Upward Facing Dog Yoga stretches for Back Pain
- Lie down to the ground on your stomach.
- Bring your hands under your shoulders.
- Rise with the help of hands and your toes. Your upper body will be supported by hands while the lower body will be supported by toes.
- Keep your body straight without bulging on your shoulders or hips. Your spine, hips, and legs should be aligned.
- Maintain the position for few seconds then return to resting position slowly.
- Repeat for few times daily.
Locust Pose Yoga Stretches for Back Pain
- Lie down to ground on your stomach.
- Slowly raise your legs as much as you can.
- Keep your entire body rested while doing it, and do not let legs go in different directions.
- Hold for a few seconds and return to resting position slowly.
- Repeating a few times regularly will strengthen lower back muscles.
Passive Back Bend Stretches for Middle Back Pain
- Lie down on the floor with your face towards the ceiling.
- Take one deep breath & stretch your chest. Stretch towards the ceiling. The hips, your abdomen & shoulders will be comfortably on the floor.
- Stay in this position for few seconds. You can get back to the starting position slowly.
- Repeat the exercise 5 times daily and you will find it beneficial.
- Stand tall with your feet a foot apart from each other.
- Bend to touch the left toe with the right hand. Stay for a few seconds and then return to the previous position.
- Now touch right toe with the left hand.
- Repeat this lower back stretches standing to exercise the entire muscles of your back.

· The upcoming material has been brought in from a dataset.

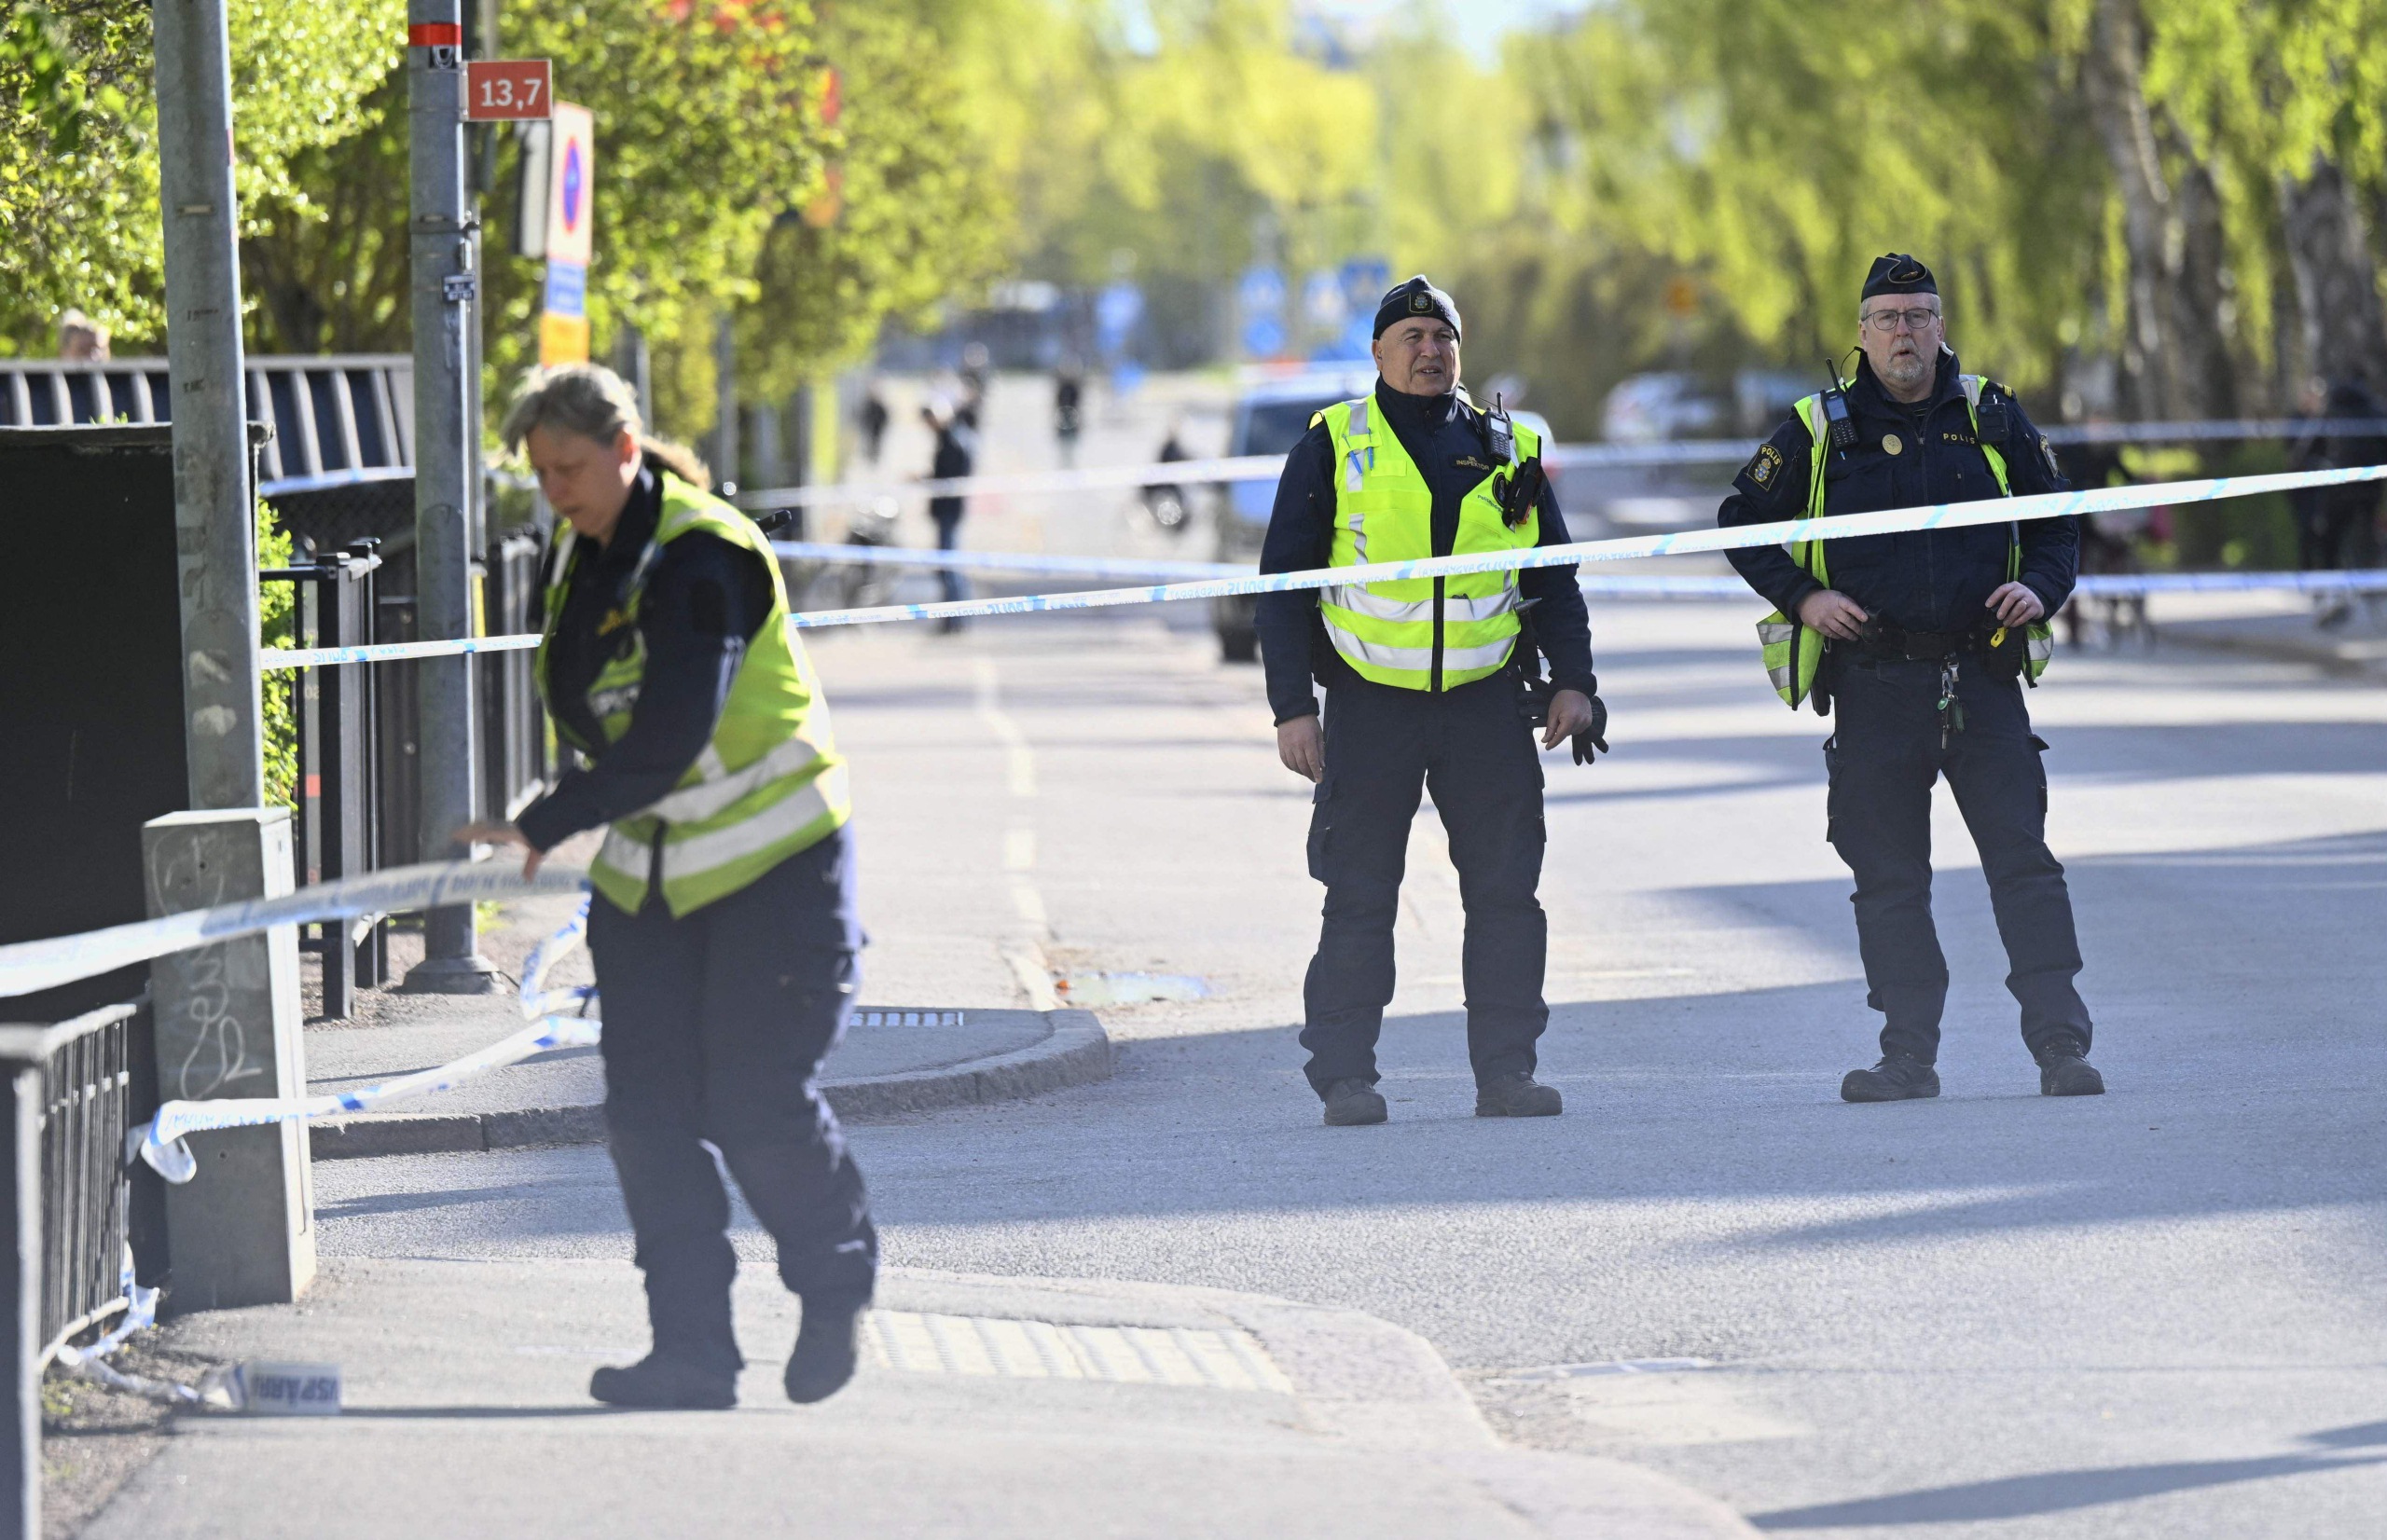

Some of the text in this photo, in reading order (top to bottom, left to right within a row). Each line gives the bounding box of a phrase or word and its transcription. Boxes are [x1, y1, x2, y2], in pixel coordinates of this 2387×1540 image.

[480, 78, 542, 111] 13,7
[1942, 433, 1976, 445] POLIS
[1760, 447, 1781, 465] POLIS

Yoga Stretches for back pain is one of the most efficient ways of pain management. Even if you are doing yoga for upper back pain, yoga for lower back pain, or yoga for middle back pain; yoga poses for back pain will improve the strength and flexibility of your entire backside. However, they may feel awkward at first, but as soon as it enters your daily routine, you will start to see their miraculous effects. Besides, yoga is an easy way to live a healthy lifestyle. A minimal effort will result in a healthy, stress-free life. And, these results can be gained in the comfort of your home.